The song begins with a certain kind of studied but natural-feeling parental quality that fits with the song’s graduation-speech lyrics. File it under country music’s father-to-child songs, at least at first. The message is, “Spread your wings, follow your dreams.” “And remember / anytime / you can always come home”, no matter how badly you screw your life up. The song acts too as a reminder of the perennial country music theme of home, of returning home, looking back to home (My Tennessee Mountain Home, “My Old Kentucky Home”, “Green Green Grass of Home”, etc). There’s also a spiritual angle here that emerges in the second verse, which is maybe why the song feels musically like a cross between Jackson’s most relaxed/tuneful singles of yore and two Precious Memories collections of gospel-music covers. The last verse does another typically country move, shifting the perspective to reveal this as the lesson his daddy gave him as a kid; he’s used it as his motto ever since.
The song hits several country-music touchpoints in a compact and elegant way, a great introduction to an album. It also could be spun as being about Jackson ‘coming home’ to the basic feeling of an Alan Jackson album. The songs here are right in his wheelhouse. The bouncier, almost bluegrass-driven love song “You Never Know”, for one, but especially the various ballads. There’s “Leave a Light On”, a baby-come-back waltz that could double in listeners’ minds as a memorial to those gone past. “I leave a light on for your memory” will get printed on a memorial t-shirt somewhere, right there with lyrics from Jackson’s 2009 song “Sissy’s Song”). The unadorned ballad “The One You’re Waiting On”, from the people-watching perspective of a man watching a woman at the bar while she waits for someone who isn’t showing, fits the traditional category of ‘song where the man knows he’d be a better man for her than everyone else’.

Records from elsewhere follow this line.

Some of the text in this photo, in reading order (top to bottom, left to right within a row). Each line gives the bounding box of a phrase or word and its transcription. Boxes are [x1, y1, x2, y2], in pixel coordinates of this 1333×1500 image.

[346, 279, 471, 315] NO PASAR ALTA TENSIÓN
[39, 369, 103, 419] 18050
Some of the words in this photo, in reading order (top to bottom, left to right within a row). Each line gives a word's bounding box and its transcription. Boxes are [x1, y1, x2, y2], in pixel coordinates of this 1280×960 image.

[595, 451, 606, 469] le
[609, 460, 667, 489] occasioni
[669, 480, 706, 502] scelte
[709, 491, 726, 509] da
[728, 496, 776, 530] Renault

The title track “Angels and Alcohol” is like that first song on the album, in the sense that it feels like instantly like a Jackson classic. Full of buried pain, the songs lets you fill in the blanks of the story, letting lyrics like “you can’t chase lonely with a bottle of wine” and the titular “you can’t mix angels and alcohol” to speak volumes without going through all of the painful details of a life. Near the end, the song spells out a little more the storyline of chasing a good woman away with alcohol, still without getting too deep into the specifics. We’ve heard them before, we can fill in the blanks.

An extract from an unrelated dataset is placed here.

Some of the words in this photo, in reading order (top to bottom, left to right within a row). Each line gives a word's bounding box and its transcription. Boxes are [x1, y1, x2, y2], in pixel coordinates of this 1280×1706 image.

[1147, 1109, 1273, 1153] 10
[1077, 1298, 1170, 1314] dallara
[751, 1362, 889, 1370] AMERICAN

If that song reeks of the past, the past is never far way across Angels and Alcohol. It’s there in the first single “Jim and Jack and Hank” — a joke about falling back on old standbys during tough times (Jim Beam, Jack Daniels, Hank Williams, it may go without saying) that also ends up being a tribute to influences. And the past is incredibly present on the clever “Gone Before You Met Me”, which somehow pairs the Beat poets, or at least Kerouac’s On the Road with Southern rock.
Like 18 of his other 19 albums, Angels and Alcohol was produced by Keith Stegall. Jackson wrote seven of the 10 songs, not unusual for him. In a lot of ways this album is a typical Alan Jackson album, but in the best sense. Quick and light in nature, Angels and Alcohol fits in with the half of his albums that are less than 40 minutes long. (A contrast can be made between his first three, 30-minute albums and longer efforts like 2002’s Drive and 2006’s Like Red on a Rose, both around 50 minutes, or 2008’s 71-minute Good Time.)

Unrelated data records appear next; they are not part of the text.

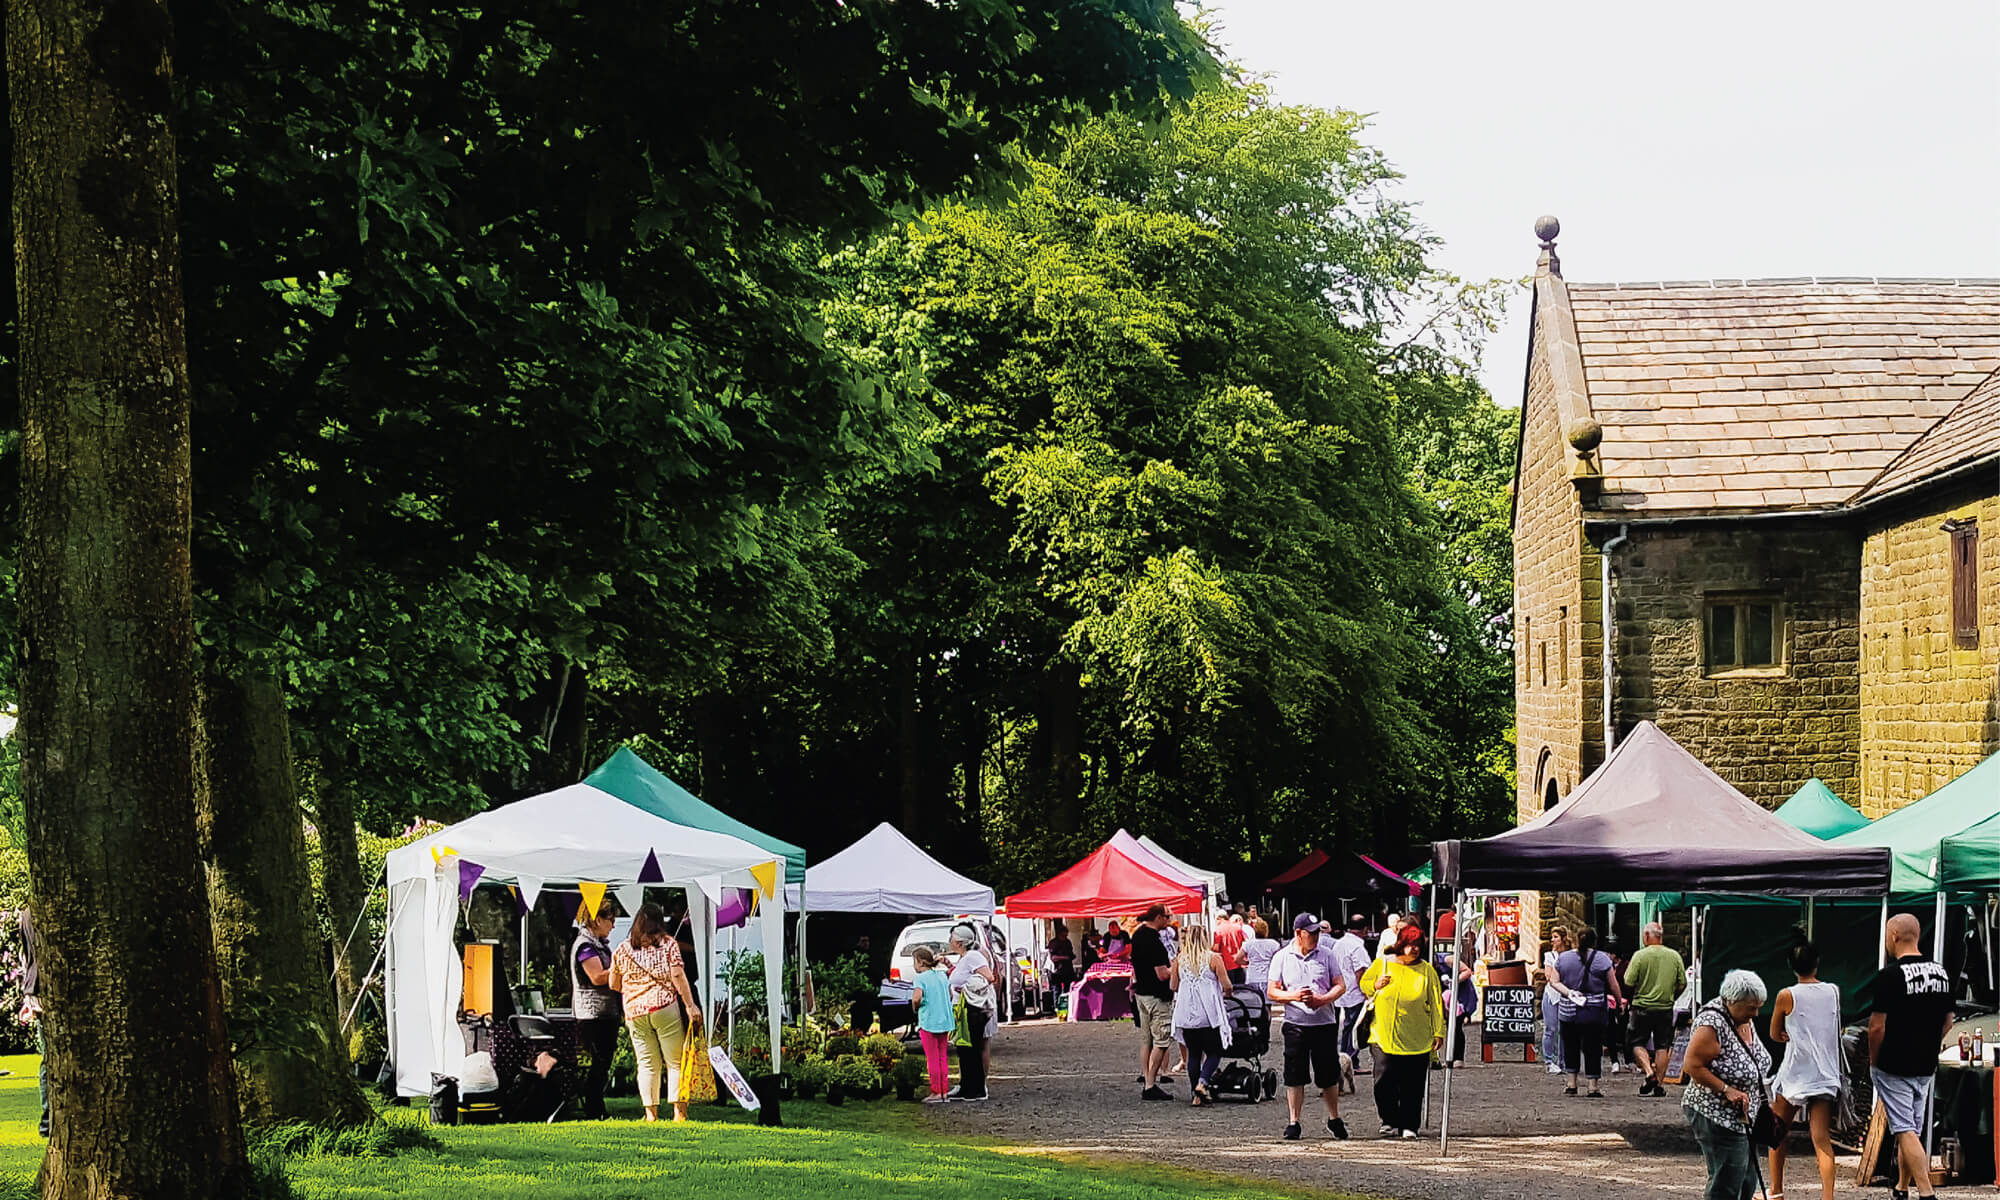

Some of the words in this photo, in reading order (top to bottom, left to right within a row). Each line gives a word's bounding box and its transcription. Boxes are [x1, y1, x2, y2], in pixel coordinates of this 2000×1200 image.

[1488, 990, 1507, 1002] HOT
[1510, 989, 1534, 1004] SOUP
[1485, 1005, 1511, 1017] BLACK
[1514, 1008, 1533, 1018] PEAS
[1485, 1020, 1504, 1032] ICE
[1509, 1022, 1535, 1032] CREAM

The album’s last three songs take it in a suddenly lightweight direction, a quick tailoring-off after “Leave a Light On”. It moves into absolute cliche (“Flaws”, bringing us the breaking news that we all have them…though even that song has the memorable quip, “scars are tattoos that went rotten”). And then into sentimental religiosity (“When God Paints”) and from there into the requisite Mexican-vacation song (“Mexico, Tequila, and Me”). Earlier in the album, as an aside on “Jim and Jack and Hank”, he name-dropped Jimmy Buffett. I suppose feeling-good-in-Mexico songs are as much a cornerstone of country music in 2015 as cheatin’ and leavin’ songs. Why that is; a topic for another day.